Sinwar, meanwhile, was very adamant about rejecting treatment by the prison administration, said Dawla. Eventually his situation deteriorated, losing consciousness at one point, so he had to receive treatment at the prison. The administration declared an emergency at the prison and a helicopter was flown in to take Sinwar to hospital where he was soon operated on, recalled Dawla.

“It was a very complex and dangerous operation. He could have died,” he added.

In wake of the October 7 attack, Israelis lament that Sinwar was ever operated on, revealed Mansour. Then head of prison intelligence has recently repeatedly said she regrets saving Sinwar’s life.

2011 release

After his release in the 2011 swap, Sinwar went about consolidating his position in Hamas, especially in its military wing. He was elected member of the movement’s politburo in 2012 and immediately focused his attention on the military wing, deepening his ties with its officials.

Sinwar made it his mission to become the number one figure in Hamas as soon as he was released from prison, said Mansour.

His influence kept growing and he defeated Ismail Haniyeh and other prominent figures in the 2017 politburo elections.

The 2021 elections were marred with fraud allegations and the vote was “repeated three or four times” to ensure that Sinwar was the victor. Mansour said this was all part of the buildup to the October 7 attack. “It was clear that Sinwar and the Qassam had their plans,” he stated. Soon after, Sinwar worked tirelessly in developing the military wing.

“Sinwar only aspires to be the number one official in the movement. He is extremely ambitious. That drove him, even when he was in prison, to always be the top official in Hamas,” said Dawla.

“He believes that none of the current leaders have the right to be superiors over him. Not now, not ever,” he added.

Khalil al-Hayyah, Ismail Haniyeh and Sinwar visit the Rafah crossing on September 19, 2017. (Reuters)

Early signs of the Aqsa flood

Dawla said Sinwar always wanted “to do something big”. He believed that several Hamas and Qassam figures remained in prison and the Shalit swap was not enough to release them. Several of the remaining detainees sent angry messages to the Hamas leadership over this, leaving Sinwar with a “moral obligation to rectify what the Shalit deal could not achieve,” explained Dawla.
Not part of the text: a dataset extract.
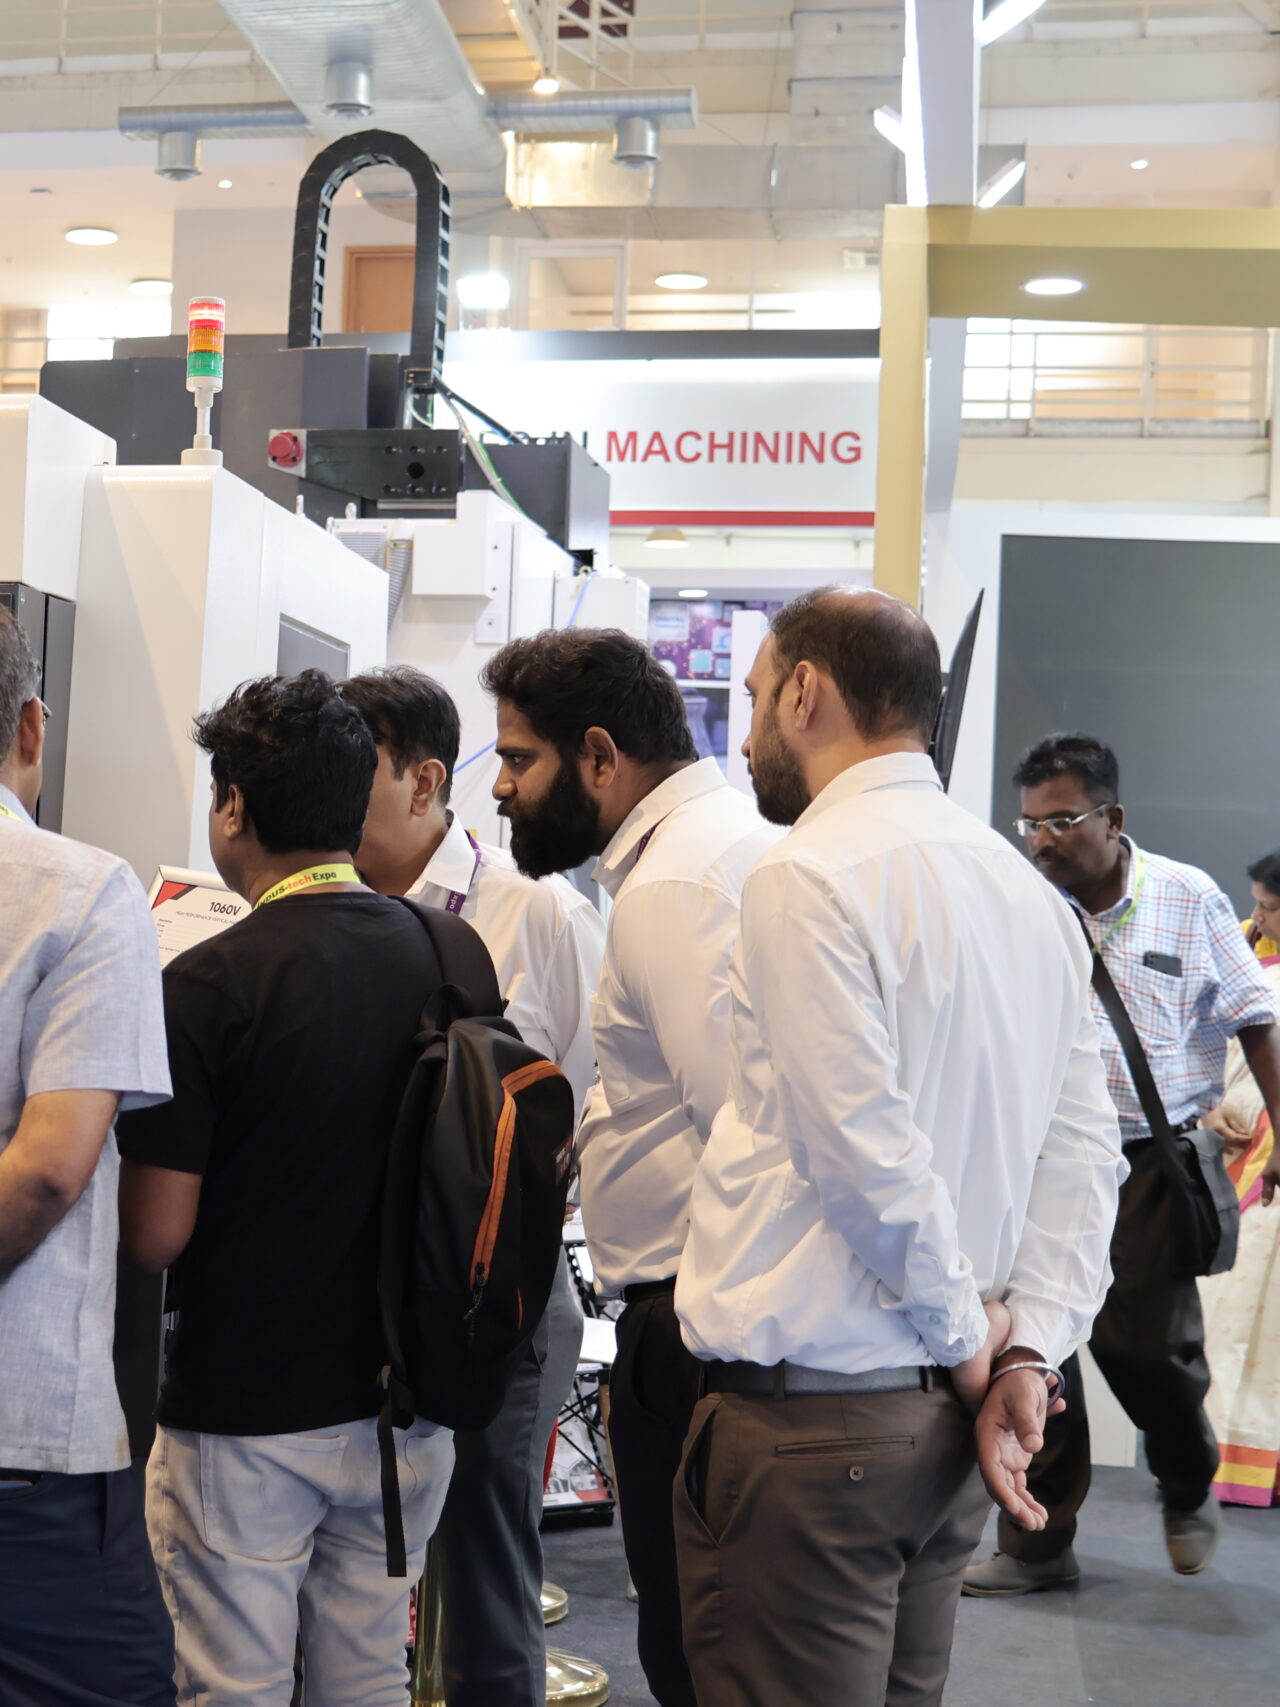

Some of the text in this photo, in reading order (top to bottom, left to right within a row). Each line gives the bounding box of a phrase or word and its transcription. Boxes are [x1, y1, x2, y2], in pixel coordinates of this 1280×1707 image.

Several factors led to the buildup of the October 7 attack. Sinwar tried reconciliation with the Palestinian Authority and failed. He tried another prisoner swap and failed. He tried to lift the siege on Gaza and also failed, recalled Mansour. So, he had no choice but to carry out the al-Aqsa Flood Operation.

“Had other options been available, the attack may never have happened,” he added.

Symbol of the war

Sinwar has become Israel’s symbol of the Gaza war, stressed Mansour. He has become the biggest catch for its military and political institutions. Israel holds him fully responsible for the October 7 attack and wants the world to associate the war with him, putting him on the same level as Hitler, Saddam, Qaddafi and other dictators in the world, he added.

Israel is trying to lump all the current developments and the entire Palestinian cause in this “diabolical” figure, he said. The Israelis believe that the war will end with Sinwar’s assassination or arrest.

Those who knew Sinwar during his time in prison speak of his pragmatism. Mansour noted: “Some will be surprised to learn that he can strike deals. He has already struck them with the Israelis and can reach middle ground according to his views.”

The situation is different now. Israel views Sinwar as a “dead man walking.” It has razed Gaza to the ground searching for him. “The amount of hatred, incitement and accusations that have been thrown his way by Israel and across the globe make it impossible for Israel to take one step back by striking a deal with him,” stressed Mansour.

“Israel will never be at peace knowing that he is alive,” he remarked.

On Sinwar’s end, Taleb stated that after all the destruction, he is unlikely to show any flexibility in negotiations. “I believe that he planned and predicted that the war will continue for the months – if not years – to come.”